Мой ответ, несомненно, задел его, и он с жаром воскликнул:

— Я немного знаком с историей, и вы не сказали мне ничего нового. Мне известно, что все созданное рано или поздно будет разрушено. И, едва родившись, люди движутся к смерти. Но между рождением и смертью пролегает жизнь. — Голос его смягчился. — Думаю, главная разница между нами состоит в том, что скоротечная человеческая жизнь не слишком важна для вас.

— Так и есть, — кивнул я.

— Вы уже мыслями в будущем, — продолжал он. — И смотрите на этот миг, будто он уже отошел в далекое прошлое. Все прошлые усилия кажутся ничтожными, если мы видим лишь их мертвый костяк. То, что Кармона в течение двухсот лет была свободной и великой, сегодня вас уже не трогает. Но вам известно, что значила Кармона для тех, кто ее любил. Я не думаю, что вы напрасно защищали ее от Генуи.
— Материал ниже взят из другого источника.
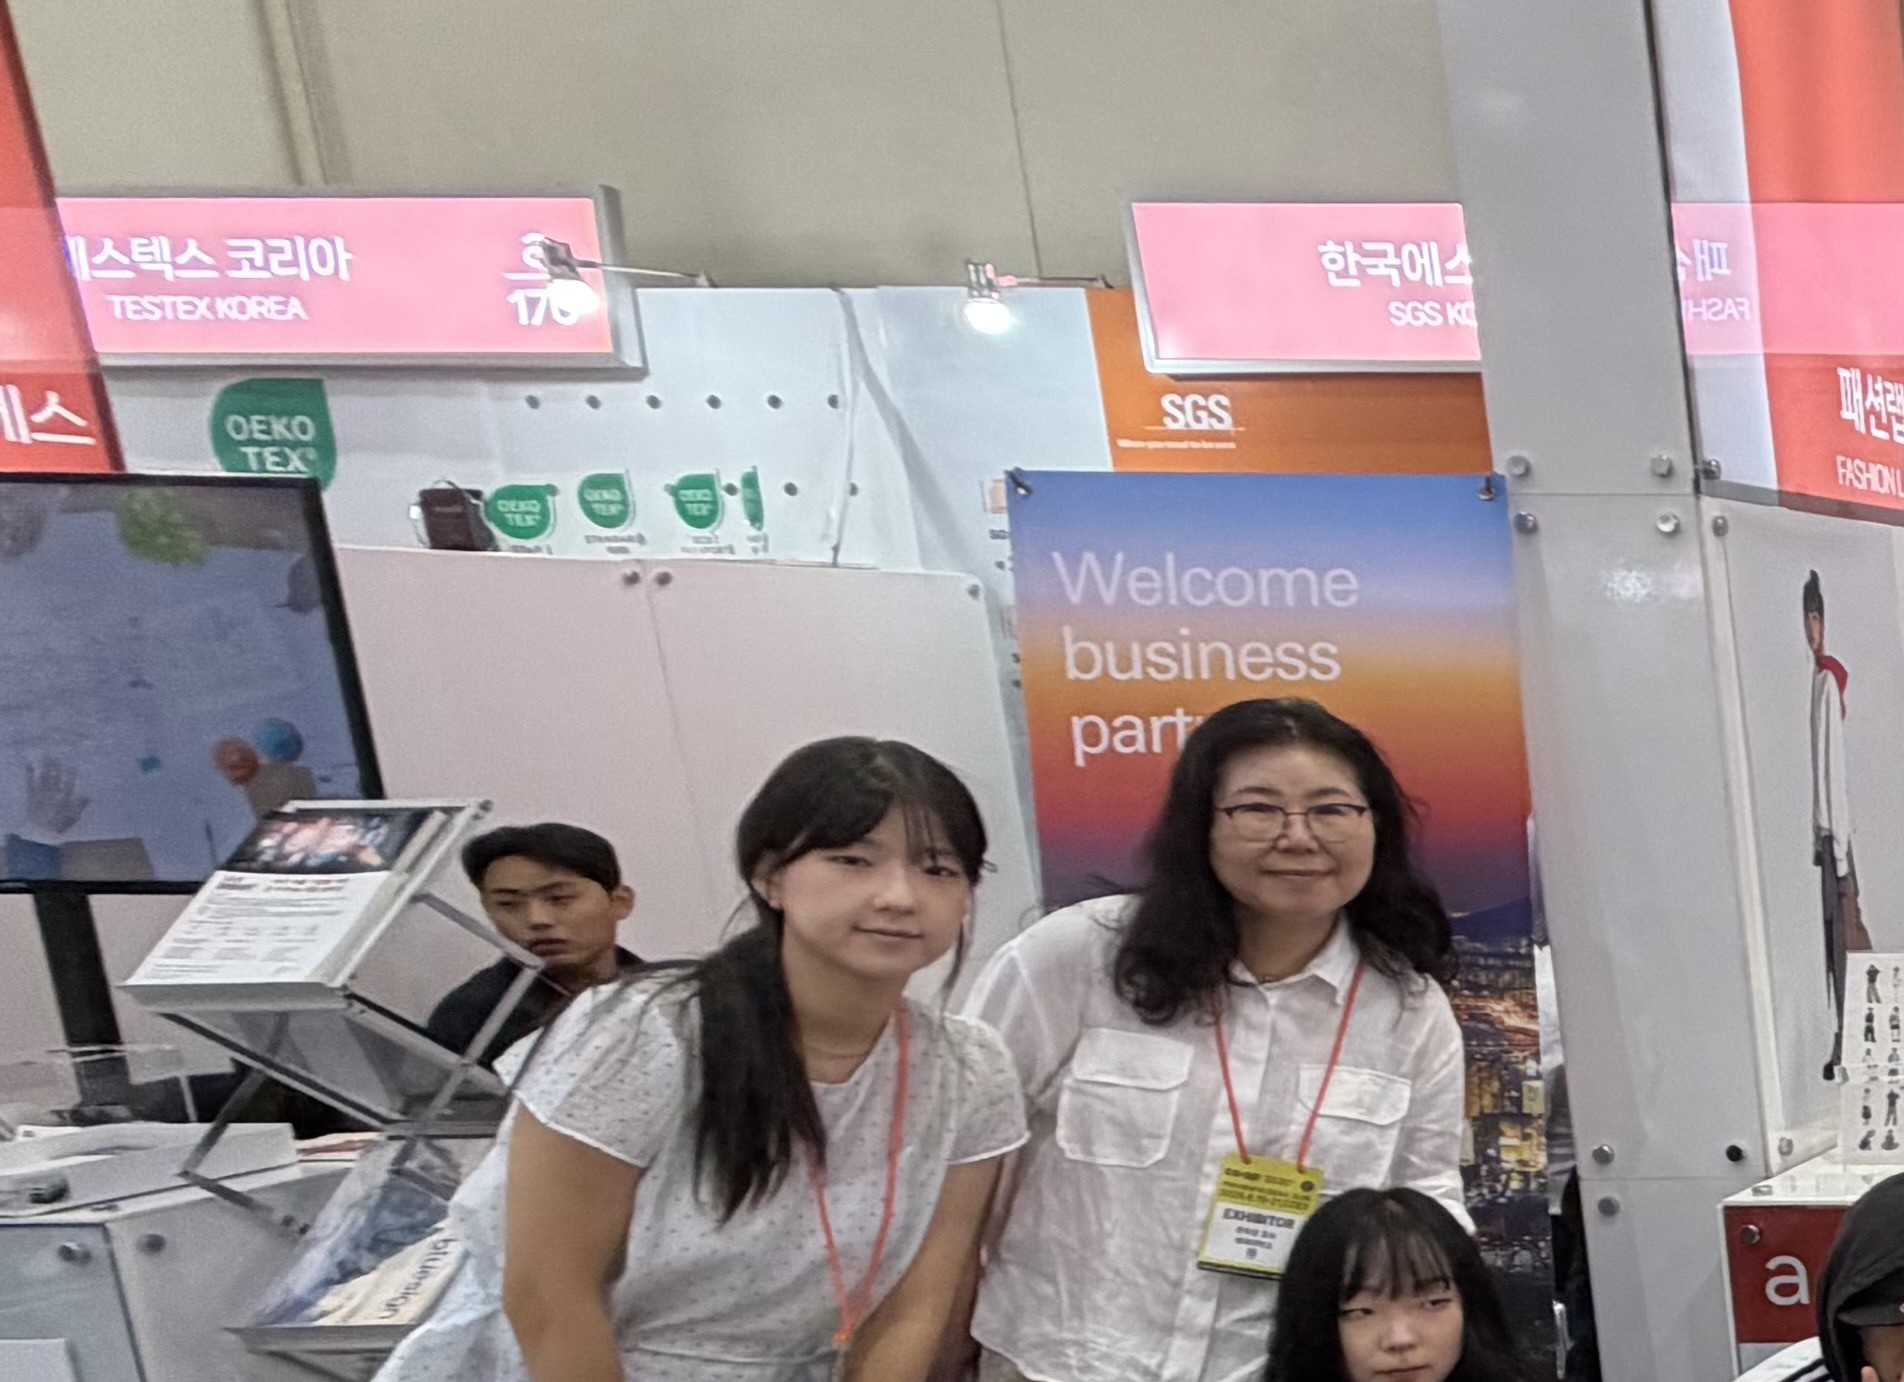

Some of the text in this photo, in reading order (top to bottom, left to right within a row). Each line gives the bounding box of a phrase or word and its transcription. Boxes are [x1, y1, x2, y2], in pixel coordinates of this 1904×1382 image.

[223, 235, 356, 282] 코리아
[105, 294, 309, 321] TESTEX KOREA
[1387, 300, 1444, 327] SGS
[223, 414, 316, 442] OEKO
[1160, 393, 1234, 431] SGS
[1836, 455, 1897, 496] FASHION
[1051, 550, 1359, 607] Welcome
[1062, 626, 1342, 683] business
[1071, 706, 1204, 768] part
[1764, 1253, 1811, 1306] a
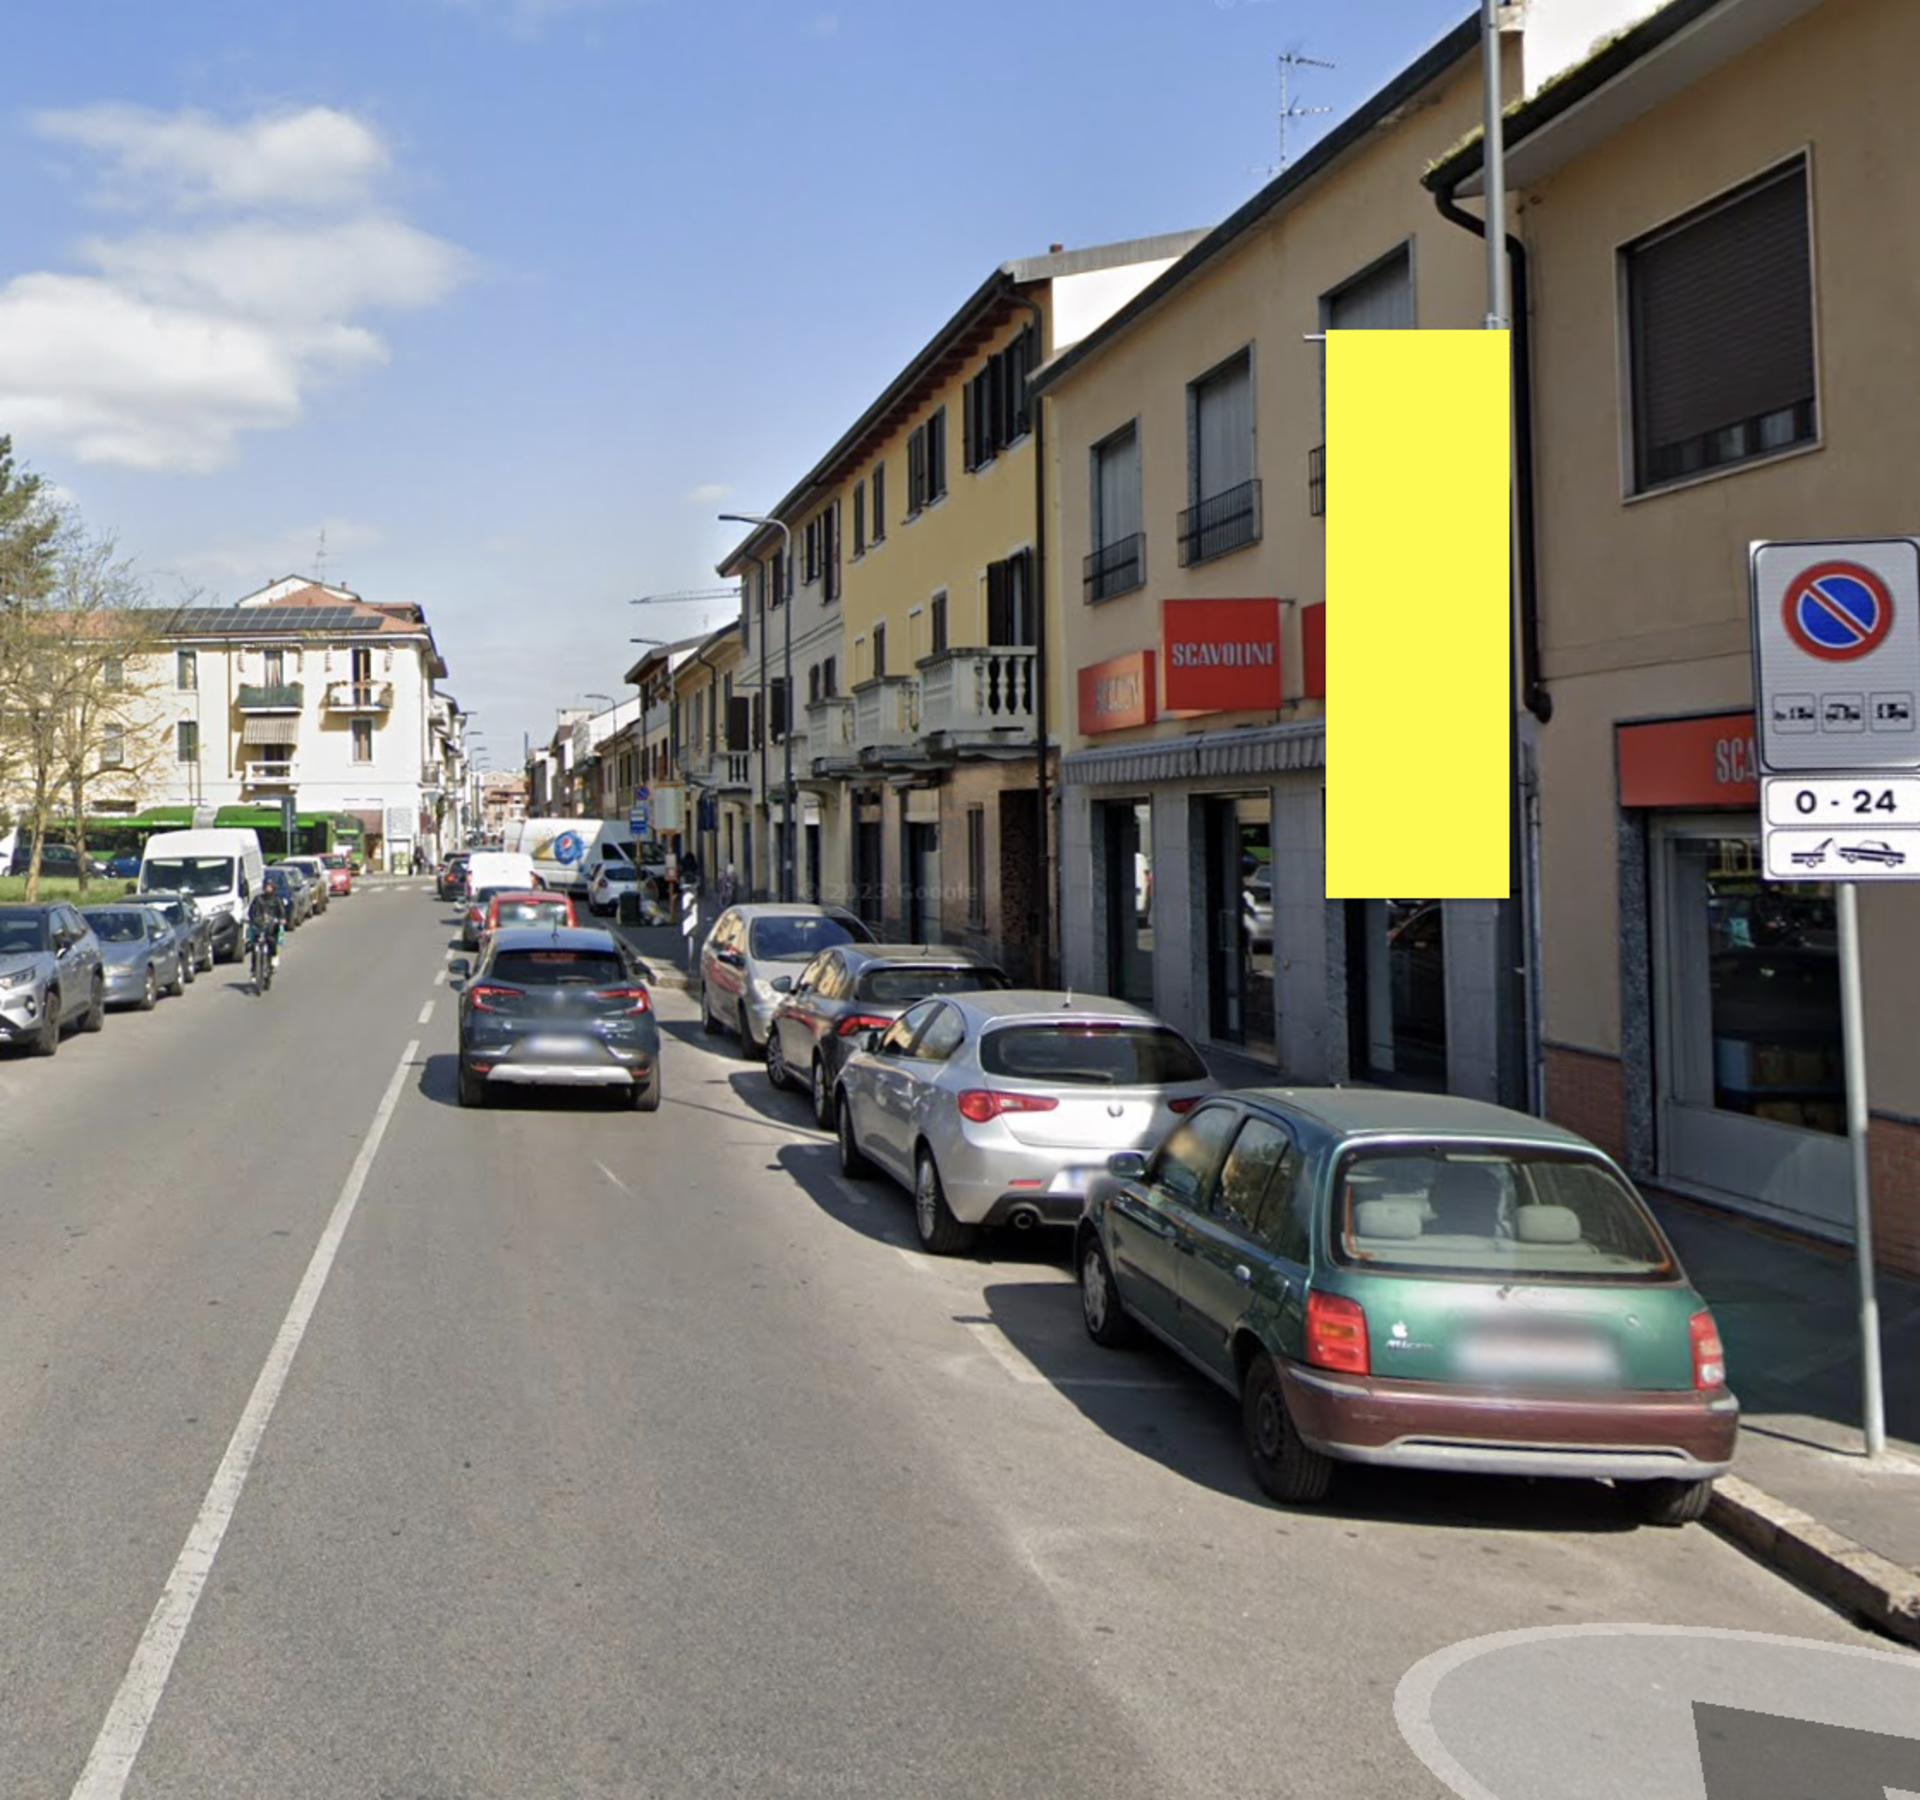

Пели фонтаны; на фоне черных тисов сиял белый камзол, и Антонио говорил: «Ведь Кармона — моя родина…»

— Так почему же вы думаете, что Гарнье напрасно бился за монастырь Сен-Мерри? Он хотел его защищать, и он это делал.

— У этого поступка не было будущего, — сказал Арман. Он стал рассуждать: — По-моему, мы должны заботиться лишь о том будущем, на которое можем влиять, и мы должны стараться по возможности расширить это влияние.

— Вы делаете то, в чем меня же и упрекаете, — заметил я. — Вы судите о поступке Гарнье, хотя вы не стояли с ним на баррикаде…

— Возможно, — согласился Арман. — Возможно, я не имею права судить о нем.

Мы помолчали. Я сказал:

— Вы миритесь с тем, что работаете лишь на краткий отрезок будущего.

— Краткий отрезок будущего или жизни: этого довольно, ведь это наш человеческий удел, — сказал он. — Мне было бы довольно знать, что через полсотню лет запретят применять на фабриках детский труд и принуждать людей работать больше десяти часов, что народ сможет выбирать своих представителей и что пресса будет свободной. — И снова он пристально посмотрел на меня. — Вы находите условия рабочих ужасными, так подумайте о тех, кто был вам знаком, только о них: разве вам не хочется изменить их судьбу?

— Однажды я видел улыбку ребенка, — ответил я. — Меня тронуло, что это дитя может иногда улыбаться. Да, бывают минуты, когда их судьба мне небезразлична. — Я посмотрел ему в глаза. — Но потом эти чувства гаснут.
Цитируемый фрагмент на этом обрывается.